But even after he told me he didn't like girls, I didn't stop cross-dressing. I couldn't just give up, and I still kept telling myself 'Just a little bit longer; If I keep this up, maybe he=ll eventually understand.' So as long as I continued telling myself that, my heart was still filled with hope.

Still, part of me couldn’t help feeling discouraged. Immediately after that whole turn of events, the two of us went on bad terms. It suddenly felt like Maguri didn't want me in his life anymore. Did he think I was a freak because I started cross-dressing? And what about our childhood together; Did he all of a sudden not care about all those memories? Did he not care about me? My doubts regarding our relationship increased when Maguri met Shizumasa. He started spending more time with him than with me, and I felt like I was being replaced.
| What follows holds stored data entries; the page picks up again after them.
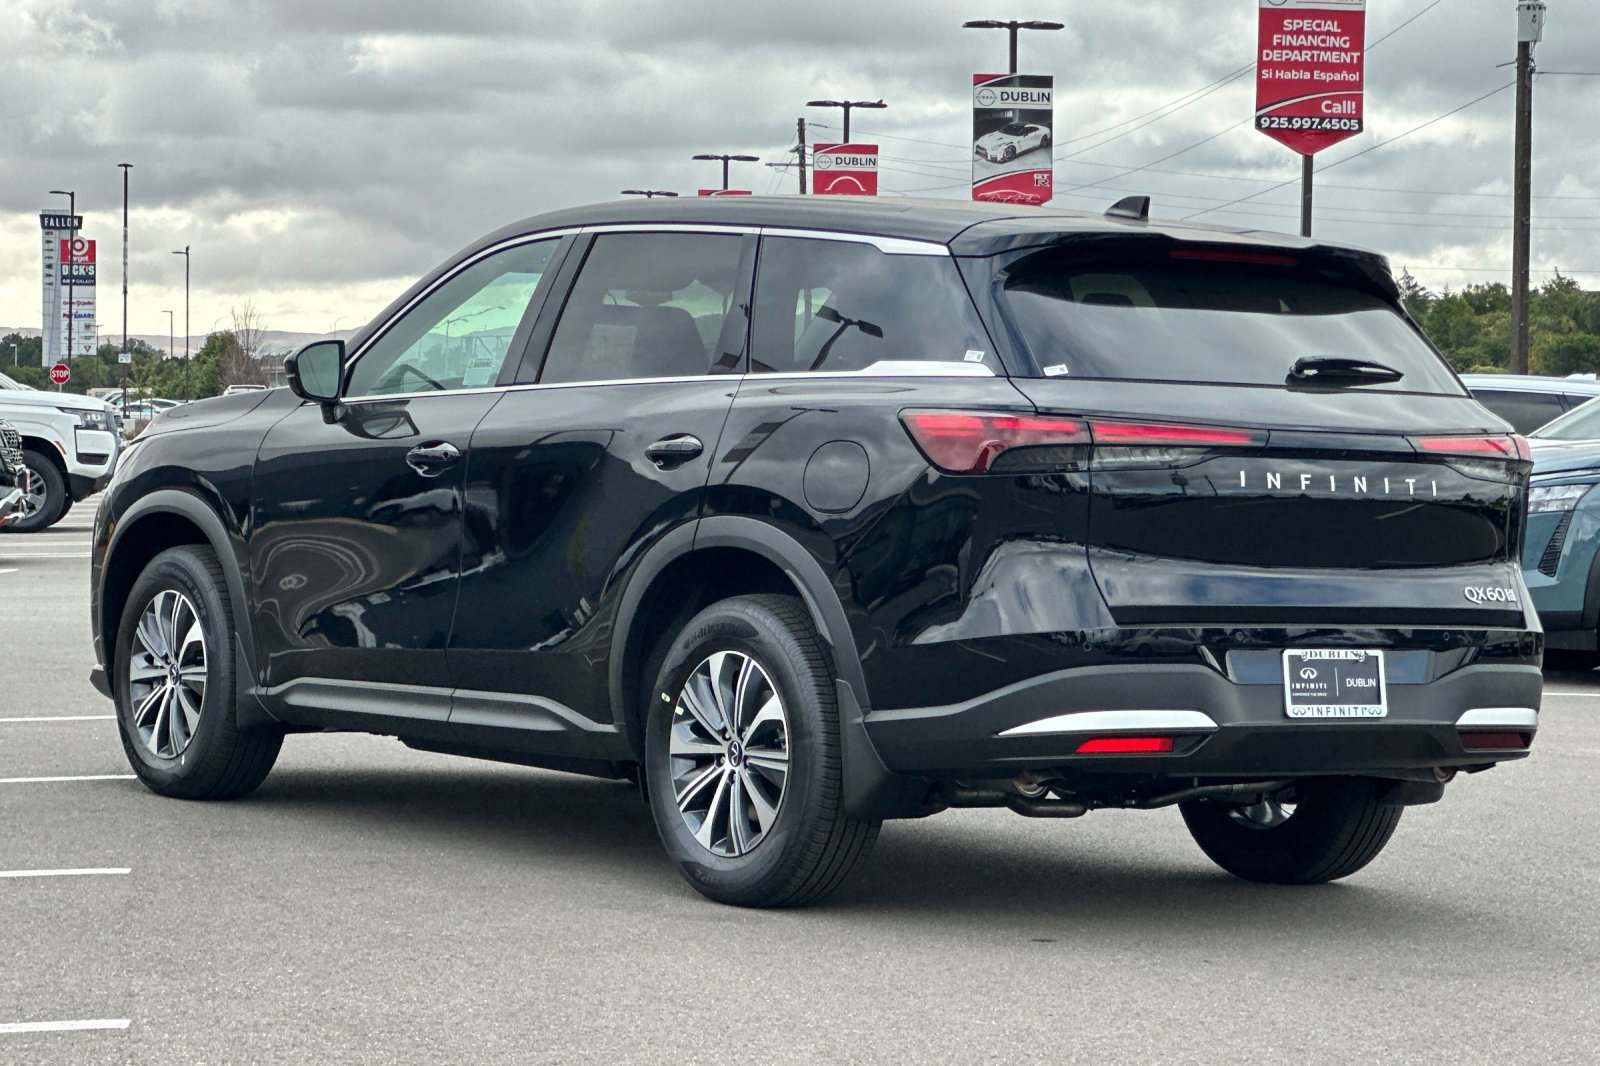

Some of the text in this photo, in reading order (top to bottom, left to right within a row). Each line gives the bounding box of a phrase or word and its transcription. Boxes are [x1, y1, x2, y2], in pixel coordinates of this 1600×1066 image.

[1283, 19, 1341, 32] SPECIAL
[1273, 35, 1350, 48] FINANCING
[1262, 49, 1360, 64] DEPARTMENT
[1261, 69, 1360, 82] Si Habla Español
[1000, 91, 1051, 102] DUBLIN
[1321, 100, 1356, 114] Call!
[1260, 117, 1359, 130] 925.997.4505
[835, 156, 876, 166] DUBLIN
[62, 264, 95, 276] DCK'S
[51, 369, 69, 378] STOP
[1239, 470, 1437, 497] INFINITI
[1464, 586, 1506, 604] QX60
[1346, 678, 1376, 687] DUBLIN
[1311, 706, 1364, 716] INFINITI
I kept gazing at him from afar whenever he was with Shizumasa, and I began to notice a change in Maguri. He would always have a certain look in his eyes whenever he saw Shizumasa. I wondered what it was until it finally hit me: The look that Maguri got in his eyes whenever he gazed at Shizumasa.......that was the same look I'd get in my eyes whenever I looked at him.

Realizing that hurt even more than when Maguri told me he was gay, when I drowned under a sea of useless efforts- I hated knowing that he loved another man almost as much as how oblivious he was about my feelings towards him. So from that day on I made a vow to myself- Wherever Maguri would go, even if it was solely to follow Shizumasa, I'd go too. When he applied to join the Student Council, so did I. I wouldn't let Maguri forget me, no matter how hard he tried.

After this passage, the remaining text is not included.